Prompt: Each entry should be quoted word for word, including every mark of punctuation.

Saved data entries
Segment Open

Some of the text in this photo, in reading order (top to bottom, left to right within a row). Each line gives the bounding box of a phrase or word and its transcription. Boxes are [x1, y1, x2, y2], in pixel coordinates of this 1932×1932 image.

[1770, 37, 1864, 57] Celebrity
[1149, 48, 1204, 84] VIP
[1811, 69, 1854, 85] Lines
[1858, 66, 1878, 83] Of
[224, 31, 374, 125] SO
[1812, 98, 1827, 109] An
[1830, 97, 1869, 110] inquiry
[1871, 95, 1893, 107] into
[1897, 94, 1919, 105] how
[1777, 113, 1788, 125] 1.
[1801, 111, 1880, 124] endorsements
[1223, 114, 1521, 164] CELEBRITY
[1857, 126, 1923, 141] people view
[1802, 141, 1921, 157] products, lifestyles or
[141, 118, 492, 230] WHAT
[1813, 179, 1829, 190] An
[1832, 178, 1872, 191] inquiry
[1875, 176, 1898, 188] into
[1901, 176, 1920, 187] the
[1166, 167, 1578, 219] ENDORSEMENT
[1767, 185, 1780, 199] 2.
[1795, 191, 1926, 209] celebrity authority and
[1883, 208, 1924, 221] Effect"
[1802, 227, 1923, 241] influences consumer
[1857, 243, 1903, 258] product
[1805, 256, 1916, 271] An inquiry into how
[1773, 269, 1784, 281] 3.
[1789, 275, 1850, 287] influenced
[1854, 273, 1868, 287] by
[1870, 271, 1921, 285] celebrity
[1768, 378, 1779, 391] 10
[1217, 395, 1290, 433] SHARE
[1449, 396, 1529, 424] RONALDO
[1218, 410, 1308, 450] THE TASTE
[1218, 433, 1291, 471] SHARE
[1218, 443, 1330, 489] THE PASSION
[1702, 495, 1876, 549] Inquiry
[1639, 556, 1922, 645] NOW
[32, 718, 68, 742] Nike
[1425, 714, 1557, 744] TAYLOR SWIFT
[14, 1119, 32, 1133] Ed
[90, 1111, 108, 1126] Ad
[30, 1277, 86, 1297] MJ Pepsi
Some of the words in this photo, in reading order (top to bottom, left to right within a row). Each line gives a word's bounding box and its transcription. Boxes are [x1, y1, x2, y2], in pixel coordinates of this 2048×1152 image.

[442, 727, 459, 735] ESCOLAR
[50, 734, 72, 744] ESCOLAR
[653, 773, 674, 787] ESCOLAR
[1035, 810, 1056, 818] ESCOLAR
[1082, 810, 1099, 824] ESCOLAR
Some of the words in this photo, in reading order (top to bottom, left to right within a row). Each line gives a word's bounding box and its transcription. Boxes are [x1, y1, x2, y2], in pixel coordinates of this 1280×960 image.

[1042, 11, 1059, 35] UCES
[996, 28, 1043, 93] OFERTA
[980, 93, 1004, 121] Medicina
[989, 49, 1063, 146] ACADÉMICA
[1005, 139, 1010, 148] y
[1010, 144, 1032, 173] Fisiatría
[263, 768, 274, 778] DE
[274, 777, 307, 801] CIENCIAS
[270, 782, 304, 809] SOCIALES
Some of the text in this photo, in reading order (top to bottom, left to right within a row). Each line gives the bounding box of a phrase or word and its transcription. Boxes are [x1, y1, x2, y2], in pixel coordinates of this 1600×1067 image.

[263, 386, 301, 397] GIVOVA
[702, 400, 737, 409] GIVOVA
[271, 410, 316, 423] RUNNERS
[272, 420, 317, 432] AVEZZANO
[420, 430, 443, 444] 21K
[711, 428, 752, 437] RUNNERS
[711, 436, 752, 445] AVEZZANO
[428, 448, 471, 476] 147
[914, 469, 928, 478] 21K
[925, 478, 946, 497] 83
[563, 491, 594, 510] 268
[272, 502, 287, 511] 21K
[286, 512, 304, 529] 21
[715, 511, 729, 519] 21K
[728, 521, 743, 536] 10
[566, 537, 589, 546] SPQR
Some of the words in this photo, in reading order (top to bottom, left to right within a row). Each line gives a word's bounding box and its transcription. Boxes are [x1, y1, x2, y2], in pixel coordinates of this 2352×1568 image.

Segment Closed

Answer box:
Some of the text in this photo, in reading order (top to bottom, left to right within a row). Each line gives the bounding box of a phrase or word and its transcription. Boxes are [x1, y1, x2, y2], in pixel coordinates of this 1932×1932 image.

[1770, 37, 1864, 57] Celebrity
[1149, 48, 1204, 84] VIP
[1811, 69, 1854, 85] Lines
[1858, 66, 1878, 83] Of
[224, 31, 374, 125] SO
[1812, 98, 1827, 109] An
[1830, 97, 1869, 110] inquiry
[1871, 95, 1893, 107] into
[1897, 94, 1919, 105] how
[1777, 113, 1788, 125] 1.
[1801, 111, 1880, 124] endorsements
[1223, 114, 1521, 164] CELEBRITY
[1857, 126, 1923, 141] people view
[1802, 141, 1921, 157] products, lifestyles or
[141, 118, 492, 230] WHAT
[1813, 179, 1829, 190] An
[1832, 178, 1872, 191] inquiry
[1875, 176, 1898, 188] into
[1901, 176, 1920, 187] the
[1166, 167, 1578, 219] ENDORSEMENT
[1767, 185, 1780, 199] 2.
[1795, 191, 1926, 209] celebrity authority and
[1883, 208, 1924, 221] Effect"
[1802, 227, 1923, 241] influences consumer
[1857, 243, 1903, 258] product
[1805, 256, 1916, 271] An inquiry into how
[1773, 269, 1784, 281] 3.
[1789, 275, 1850, 287] influenced
[1854, 273, 1868, 287] by
[1870, 271, 1921, 285] celebrity
[1768, 378, 1779, 391] 10
[1217, 395, 1290, 433] SHARE
[1449, 396, 1529, 424] RONALDO
[1218, 410, 1308, 450] THE TASTE
[1218, 433, 1291, 471] SHARE
[1218, 443, 1330, 489] THE PASSION
[1702, 495, 1876, 549] Inquiry
[1639, 556, 1922, 645] NOW
[32, 718, 68, 742] Nike
[1425, 714, 1557, 744] TAYLOR SWIFT
[14, 1119, 32, 1133] Ed
[90, 1111, 108, 1126] Ad
[30, 1277, 86, 1297] MJ Pepsi
Some of the words in this photo, in reading order (top to bottom, left to right within a row). Each line gives a word's bounding box and its transcription. Boxes are [x1, y1, x2, y2], in pixel coordinates of this 2048×1152 image.

[442, 727, 459, 735] ESCOLAR
[50, 734, 72, 744] ESCOLAR
[653, 773, 674, 787] ESCOLAR
[1035, 810, 1056, 818] ESCOLAR
[1082, 810, 1099, 824] ESCOLAR
Some of the words in this photo, in reading order (top to bottom, left to right within a row). Each line gives a word's bounding box and its transcription. Boxes are [x1, y1, x2, y2], in pixel coordinates of this 1280×960 image.

[1042, 11, 1059, 35] UCES
[996, 28, 1043, 93] OFERTA
[980, 93, 1004, 121] Medicina
[989, 49, 1063, 146] ACADÉMICA
[1005, 139, 1010, 148] y
[1010, 144, 1032, 173] Fisiatría
[263, 768, 274, 778] DE
[274, 777, 307, 801] CIENCIAS
[270, 782, 304, 809] SOCIALES
Some of the text in this photo, in reading order (top to bottom, left to right within a row). Each line gives the bounding box of a phrase or word and its transcription. Boxes are [x1, y1, x2, y2], in pixel coordinates of this 1600×1067 image.

[263, 386, 301, 397] GIVOVA
[702, 400, 737, 409] GIVOVA
[271, 410, 316, 423] RUNNERS
[272, 420, 317, 432] AVEZZANO
[420, 430, 443, 444] 21K
[711, 428, 752, 437] RUNNERS
[711, 436, 752, 445] AVEZZANO
[428, 448, 471, 476] 147
[914, 469, 928, 478] 21K
[925, 478, 946, 497] 83
[563, 491, 594, 510] 268
[272, 502, 287, 511] 21K
[286, 512, 304, 529] 21
[715, 511, 729, 519] 21K
[728, 521, 743, 536] 10
[566, 537, 589, 546] SPQR
Some of the words in this photo, in reading order (top to bottom, left to right within a row). Each line gives a word's bounding box and its transcription. Boxes are [x1, y1, x2, y2], in pixel coordinates of this 2352×1568 image.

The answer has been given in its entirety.